▸ Work required: Pictures should be left out while the data beneath this task is written out word for word.
============
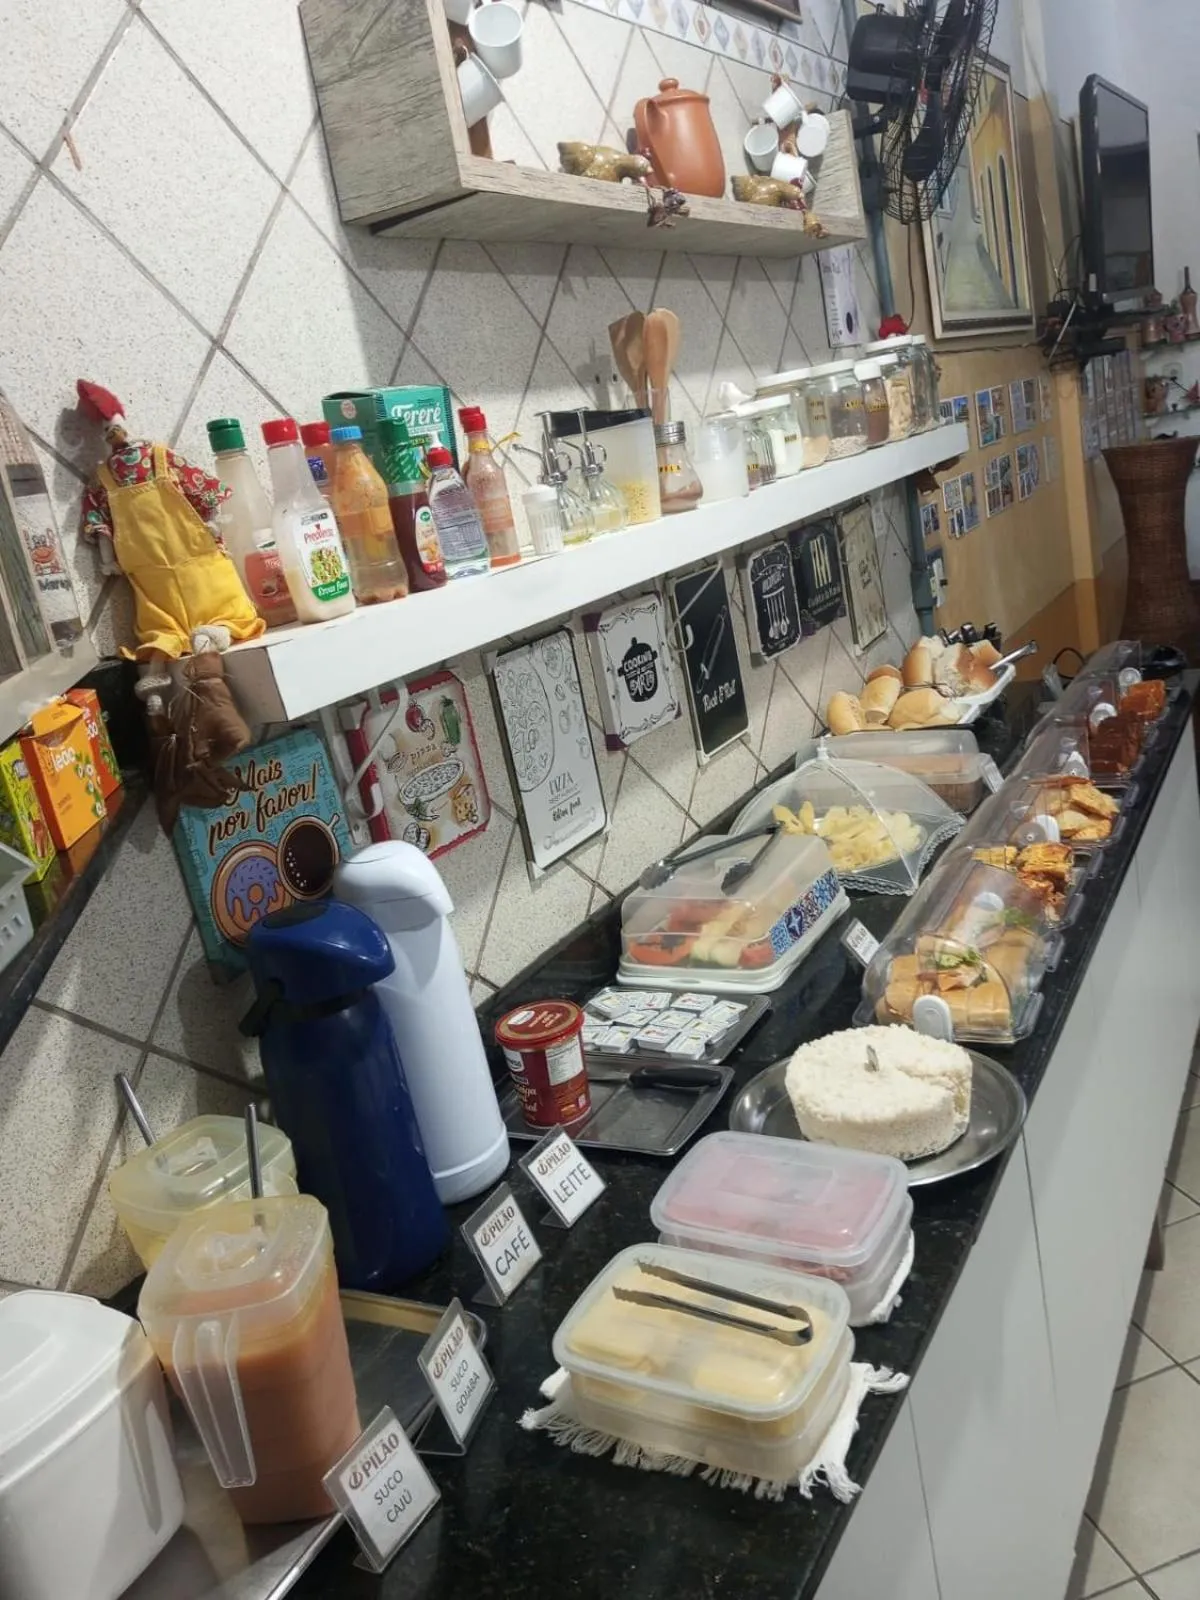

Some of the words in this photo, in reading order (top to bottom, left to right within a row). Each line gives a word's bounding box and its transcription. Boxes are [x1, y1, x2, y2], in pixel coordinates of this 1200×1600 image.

[390, 402, 442, 427] Tereré
[227, 759, 283, 803] Mais
[208, 810, 249, 857] por
[255, 763, 320, 833] favor!
[547, 1142, 572, 1169] PILÃO
[552, 1162, 591, 1204] LEITE
[488, 1206, 515, 1239] PILÃO
[495, 1225, 530, 1276] CAFÉ
[439, 1326, 464, 1368] PILÃO
[450, 1359, 469, 1392] SUCO
[455, 1371, 480, 1414] GOIABA
[361, 1432, 400, 1478] PILÃO
[373, 1469, 403, 1505] SUCO
[386, 1489, 413, 1523] CAJÚ
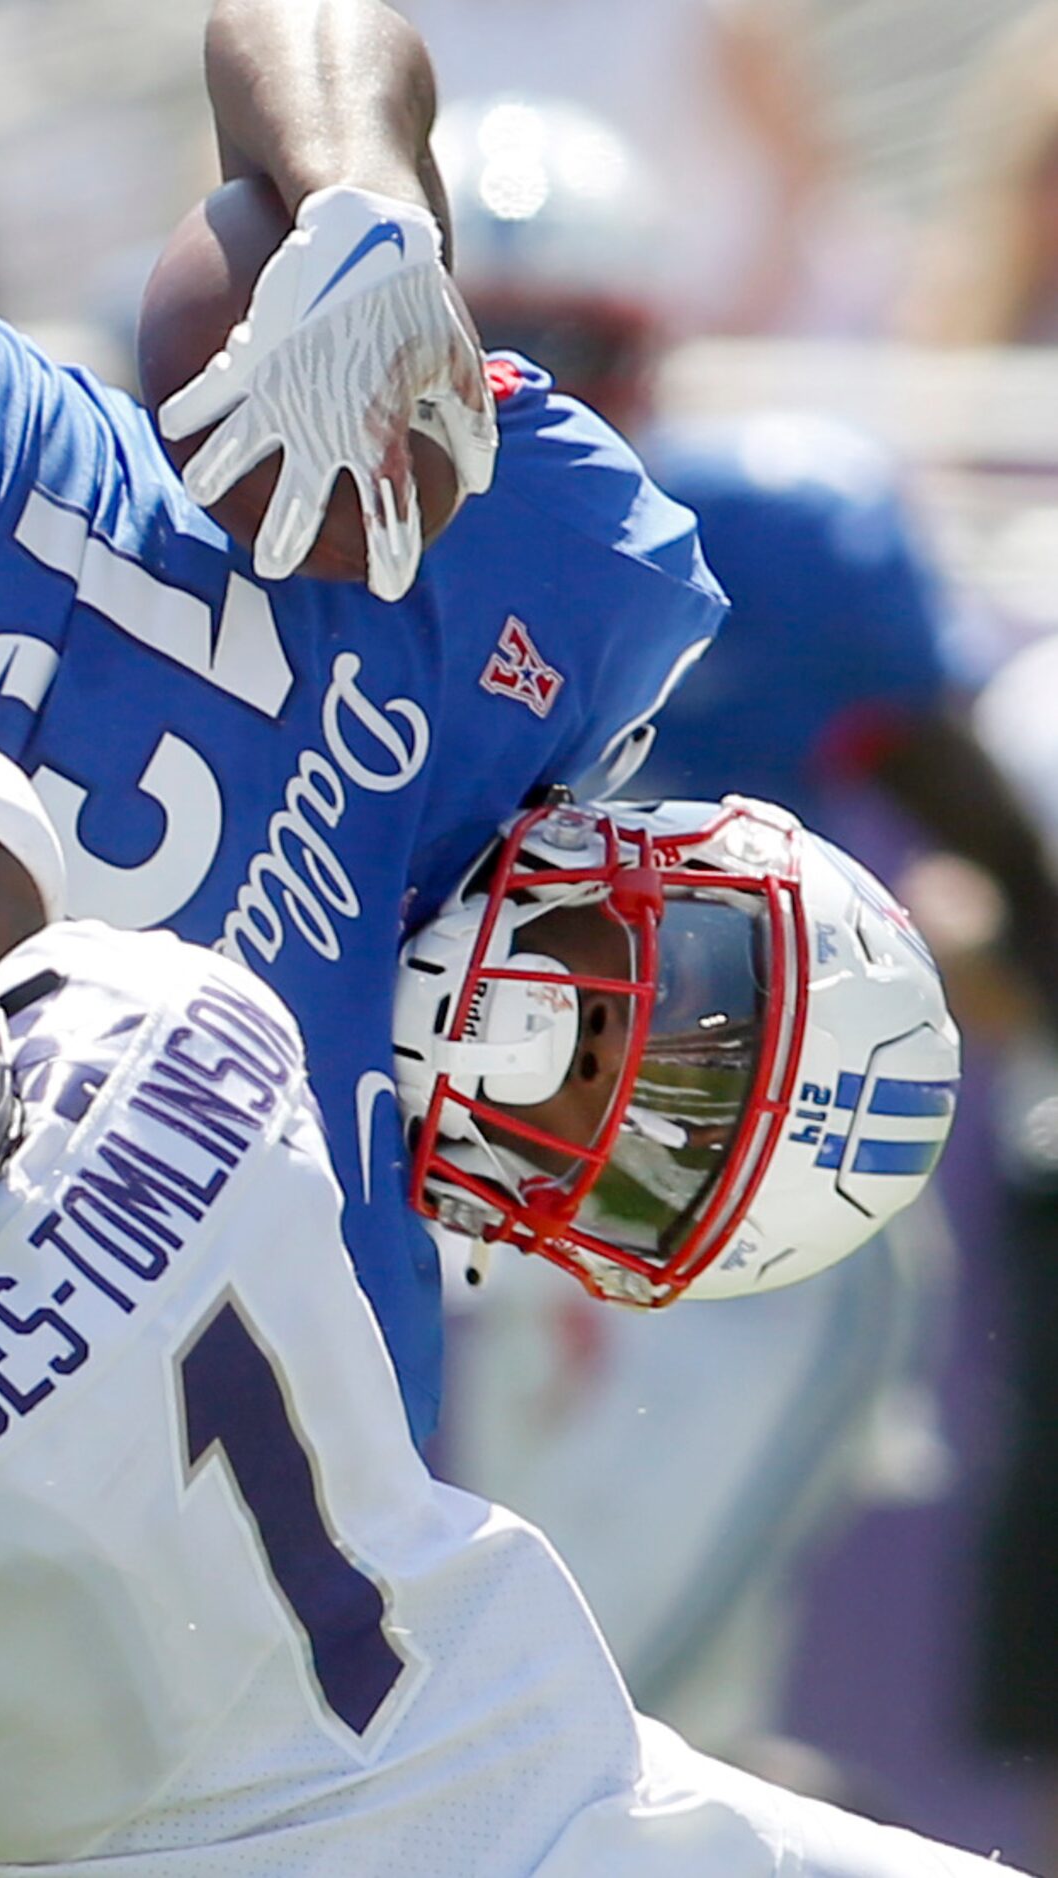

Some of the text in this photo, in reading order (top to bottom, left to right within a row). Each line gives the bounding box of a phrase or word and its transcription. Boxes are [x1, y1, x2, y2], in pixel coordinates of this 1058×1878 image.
============
▸ Expected answer:
Some of the words in this photo, in reading order (top to bottom, left to right within a row). Each line gives a word's bounding box and its transcription. Boxes are [x1, y1, x2, y2], in pixel coordinates of this 1200×1600 image.

[390, 402, 442, 427] Tereré
[227, 759, 283, 803] Mais
[208, 810, 249, 857] por
[255, 763, 320, 833] favor!
[547, 1142, 572, 1169] PILÃO
[552, 1162, 591, 1204] LEITE
[488, 1206, 515, 1239] PILÃO
[495, 1225, 530, 1276] CAFÉ
[439, 1326, 464, 1368] PILÃO
[450, 1359, 469, 1392] SUCO
[455, 1371, 480, 1414] GOIABA
[361, 1432, 400, 1478] PILÃO
[373, 1469, 403, 1505] SUCO
[386, 1489, 413, 1523] CAJÚ

Some of the text in this photo, in reading order (top to bottom, left to right within a row). Each line gives the bounding box of a phrase or word and its transcription. Boxes are [x1, y1, x2, y2], in pixel coordinates of this 1058×1878 image.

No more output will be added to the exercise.